Teenaged members of the crime gangs were interviewed for the documentary, each one a perfect fatalist. Life expectancy is about 25 years, and several of the young men interviewed expressed some variation of the "We all die sometime" mantra, using that to justify a life in which absolutely anything goes so long as it serves their private needs. Murder is just part of a day at the office, essentially; indeed, in one startling juxtaposition in the documentary, a young gang member talks about how his first murder really didn't trouble him at all, then the film cut to a policeman who said exactly the same thing about the people he has had to shoot in his quasi-military engagements in the favelas.

It didn't take long for me to begin noticing some patterns in the favelas that also play out in the rest of the world. Why, for example, did Hamas win seats in the Palestinian parliament? Because Hamas has for a long time been providing school and medical facilities for the impoverished people of the territories, filling a need that the established authority, the PLO, had ignored or been unable to provide for. The same is true of Hezbollah in the south of Lebanon, and we see the results playing out in news reports every day now: these well-armed militias have so become a part of daily life in these areas that they are heroes to the people, and the established authority--be it an invading Israeli army or the nearly-impotent government of Lebanon--are an enemy to be defeated. With the same lack of remorse that characterizes the young hoodlums of the favelas.

This is true in Iraq, where the militias of Muqtada al-Sadr and others are largely responsible for the brewing civil war, and in Somalia, where the Taliban-styled Islamist militias have now almost entirely succeeded in ousting the "real" government. How do you think the Taliban was able to take over Afganistan in the first place?

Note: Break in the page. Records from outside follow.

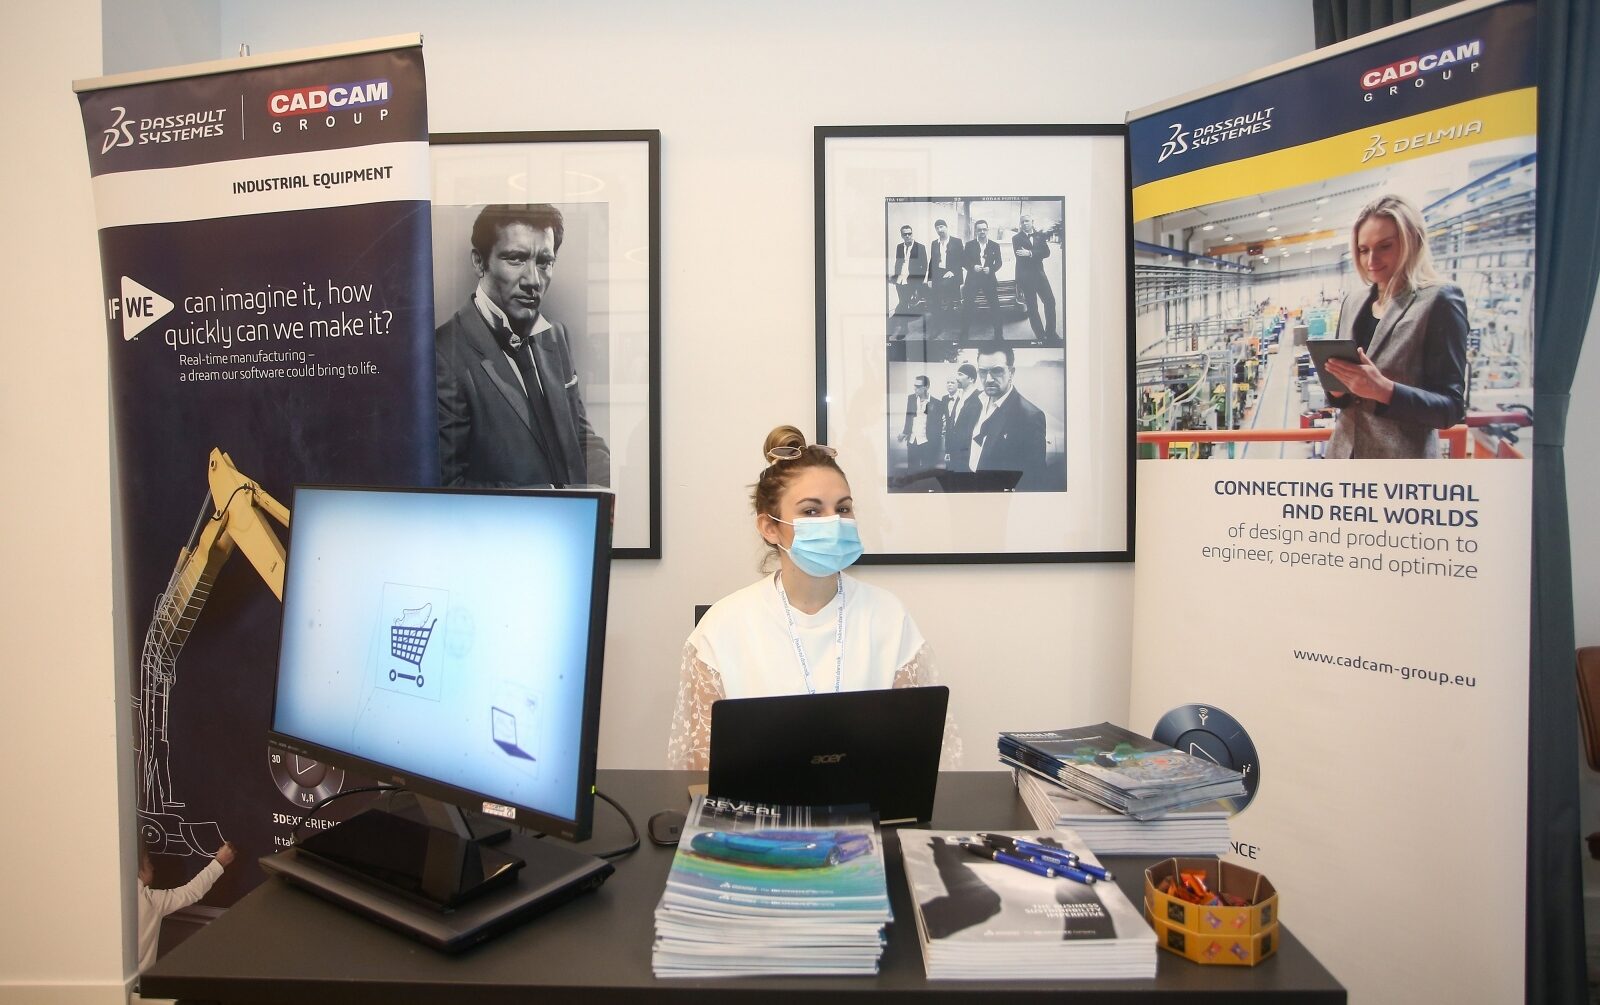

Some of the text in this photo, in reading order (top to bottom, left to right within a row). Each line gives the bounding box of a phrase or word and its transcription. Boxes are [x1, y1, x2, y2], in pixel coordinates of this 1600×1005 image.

[1363, 40, 1480, 87] CADCAM
[1363, 62, 1480, 102] GROUP
[270, 82, 388, 114] CADCAM
[140, 108, 227, 131] DASSAULT
[272, 109, 389, 134] GROUP
[1193, 107, 1275, 139] DASSAULT
[138, 124, 224, 145] SYSTEMES
[1191, 120, 1272, 150] SYSTEMES
[1393, 120, 1482, 153] DELMIA
[233, 166, 393, 194] INDUSTRIAL EQUIPMENT
[108, 296, 154, 320] IF WE
[184, 279, 373, 315] can imagine it, how
[165, 310, 393, 351] quickly can we make it?
[179, 350, 229, 367] Real-time
[229, 349, 307, 366] manufacturing
[180, 361, 380, 382] a dream our software could bring to life.
[1214, 480, 1479, 502] CONNECTING THE VIRTUAL
[1282, 503, 1479, 527] AND REAL WORLDS
[1228, 523, 1478, 553] of design and production to
[1202, 544, 1478, 579] engineer, operate and optimize
[1293, 650, 1477, 688] www.cadcam-group.eu
[271, 754, 281, 764] 3D
[703, 798, 781, 816] REVEAL
[272, 812, 341, 830] 3DEXERIEN
[274, 835, 281, 846] It

The riots in France last year had a lot to do with immigrants suffering from societal poverty who felt they had no option but to rise up against a new set of laws that would have made their lives even worse. And Columbia has essentially belonged to the drug kingpins for decades now.

Obviously, yes, I know: I'm hardly the first person to discover that poverty and economic inequality are big honkin' problems the wide world over (hello, Marx and Engels!). But there's a difference between understanding a thing intellectually, as a thing you recognize from having read some books, and that moment when suddenly you see it all laid out, each link in place, and the pattern becomes clear. For every person, that moment is always individual and distinct. For me, the combination of City of God, the documentary that accompanies it on the DVD, and the hundreds of news reports over the last several years, created that moment: link to link, the whole chain of poverty and its awful effects, wrapping itself around the world.

After all, let us not forget that there is poverty almost as bad here in the U.S. There are parts of Los Angeles where the police almost never go because it's just too dangerous, and the same is true of places like the Robert Taylor projects in Chicago or parts of Harlem. Anyone who's seen The Godfather knows that the Mafia often fills a whole range of needs in poorer communities, as do the Crips of L.A. The favelas are perhaps a step further along than we are in that line that marches from poverty to organization to rebellion, but it's worth remembering--as the differences between American haves and have-nots continues to grow and grow--that there is in fact a direct line to be drawn between poverty and the Taliban, and that if we just sit back and enjoy our comfy lives, ignoring what's going on in our own favelas, one day we might find that our comfy lives have disappeared right out from under us.